# Tampers for Sage DB



## Greydad (Feb 25, 2018)

Is the 58mm tamper supplied as standard with the Sage Dual Boiler considered any good?

It's all I have at the moment and I like the neat magnetic storage but it's not a particularly close fit in the basket - how critical is that?

Should I be considering an update to a newer, posher tamper? What is important in a tamper? Weight? Self-levelling? Nice wooden handle? Calibrated spring-loading for even tamp pressure every time? Shininess?

What sizes fit a Sage basket? 58mm exactly or 58.2 or 58.4 or 58.203568? Any specific recommendations?

TIA


----------



## 4085 (Nov 23, 2012)

It is the type of basket that dictates the size. I use vst that lets me use 58.4. I think the stock save basket is the same but others can confirm


----------



## Jony (Sep 8, 2017)

Upgrade tamper oh yes, upgrade at any cost haha not sure on size ok I use a Motta 58.4 I'm someone will be along soon @joey24dirt


----------



## urbanbumpkin (Jan 30, 2013)

58.4mm fits a sage stock and VST baskets if you ever upgrade. There's a whole range of ones out there that you can spend a little or a fortune on.

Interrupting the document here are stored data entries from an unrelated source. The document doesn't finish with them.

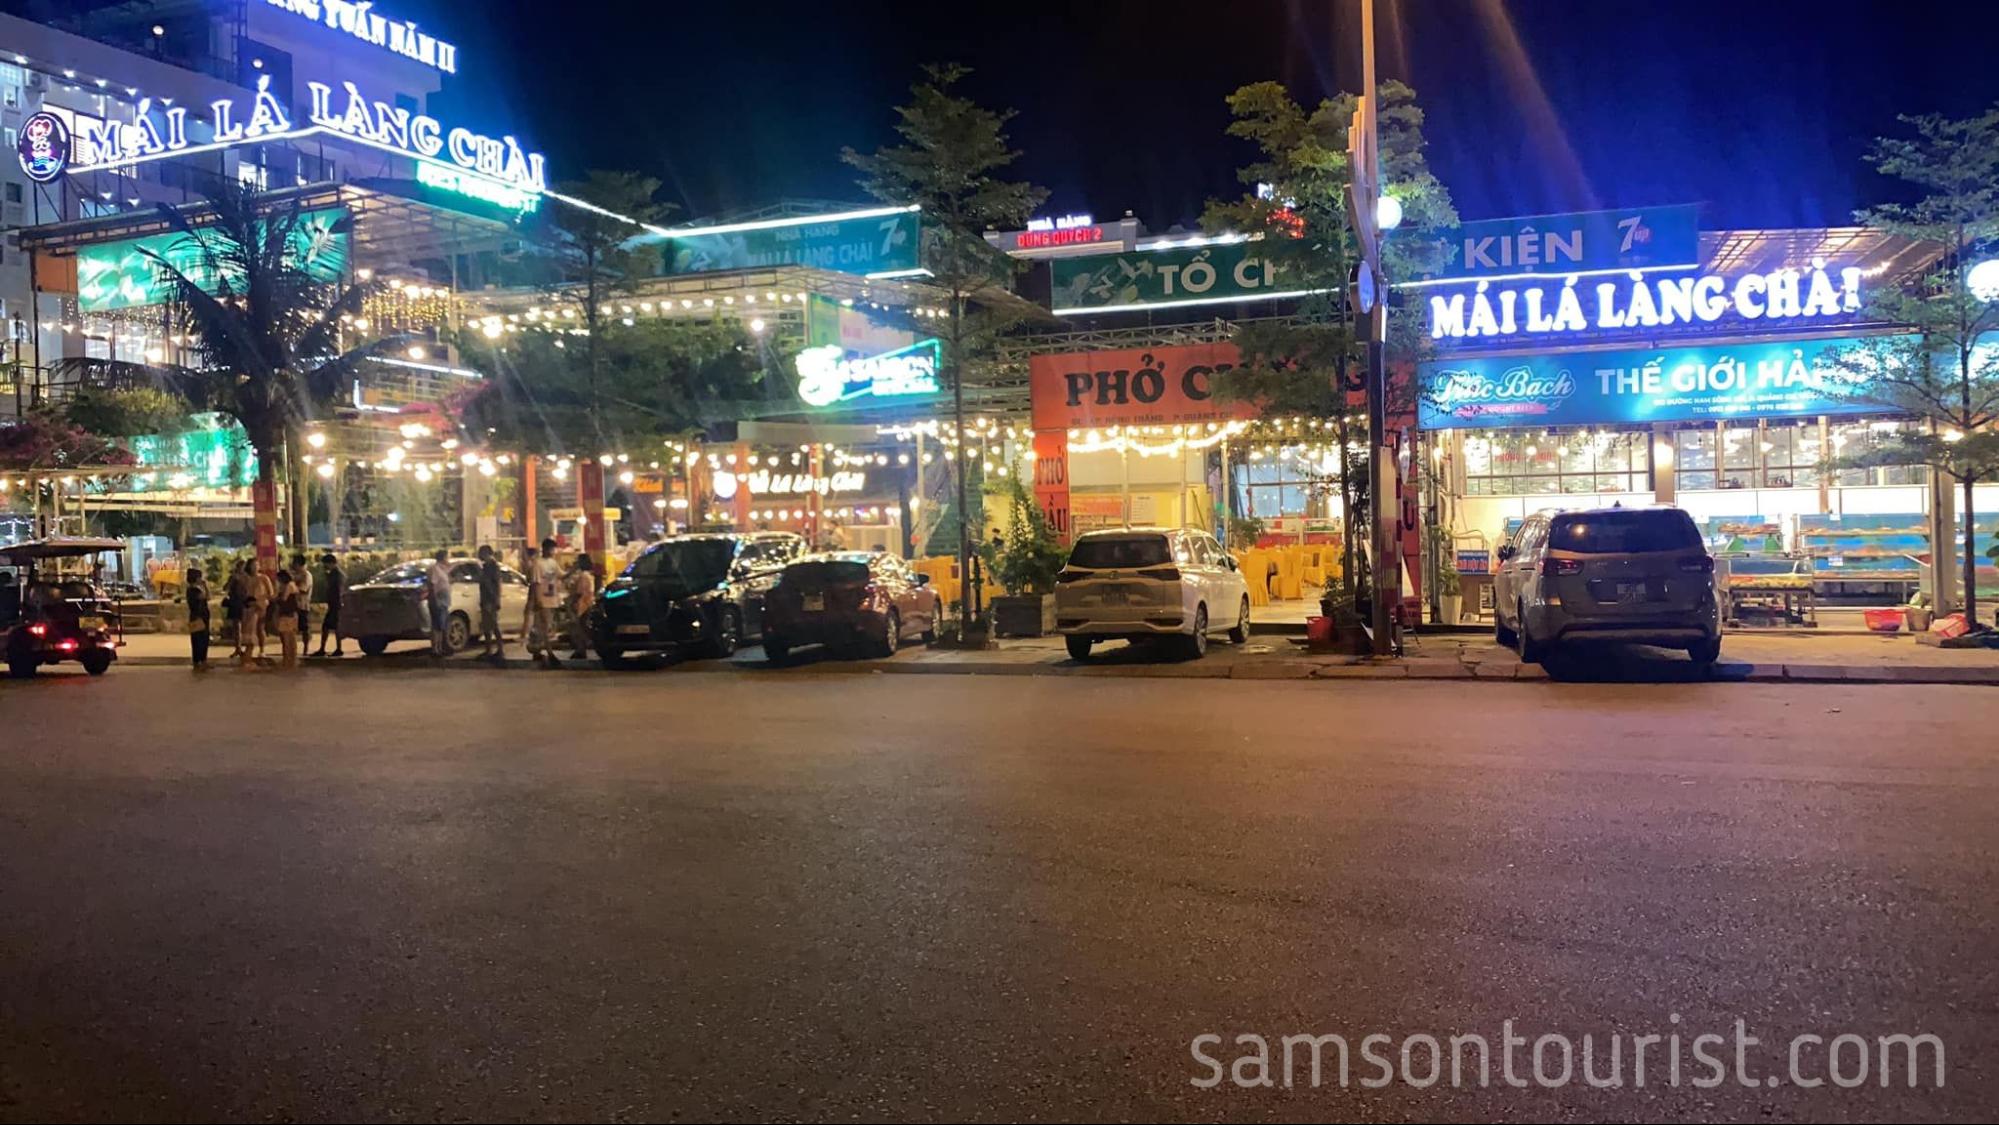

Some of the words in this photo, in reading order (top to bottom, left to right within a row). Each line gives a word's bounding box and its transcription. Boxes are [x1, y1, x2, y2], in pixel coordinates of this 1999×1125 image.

[86, 98, 187, 164] MÁI
[211, 75, 291, 142] LÁ
[307, 81, 443, 157] LÀNG
[1463, 226, 1584, 272] KIỆN
[1157, 250, 1217, 295] TỔ
[1430, 279, 1518, 339] MÁI
[1524, 274, 1588, 333] LÁ
[1596, 269, 1730, 328] LÀNG
[1065, 354, 1165, 406] PHỞ
[1495, 367, 1573, 400] Bạch
[1595, 356, 1665, 395] THẾ
[1670, 355, 1747, 393] GIỚI

If your just starting out I'd recommend getting some training and have someone come to your house and show you how to get the best out of your set up.

You'll spend approx £100 but it will save you that on sinked shot and wasted beans (just my 2ps worth).

Where about are you based?


----------



## Greydad (Feb 25, 2018)

We're in the south west in Zummerzet. I've contacted a local barista in Taunton who will do a basic training course for me and the Mrs using our own machine and grinder at a reasonable price but he said we'd probably get the best out of the course if we spent a couple if weeks trying the machine out first and then we could ask more intelligent questions, which I think is a good idea although in the meantime it means I bombard you lot with all my unintelligent questions


----------



## ashcroc (Oct 28, 2016)

There's a tamper in the for sale section at the moment where you can set the depth. Might help with consistency in the early days.


----------



## Greydad (Feb 25, 2018)

dfk41 said:


> It is the type of basket that dictates the size. I use vst that lets me use 58.4. I think the stock save basket is the same but others can confirm


does a vst basket fit a Sage portafilter?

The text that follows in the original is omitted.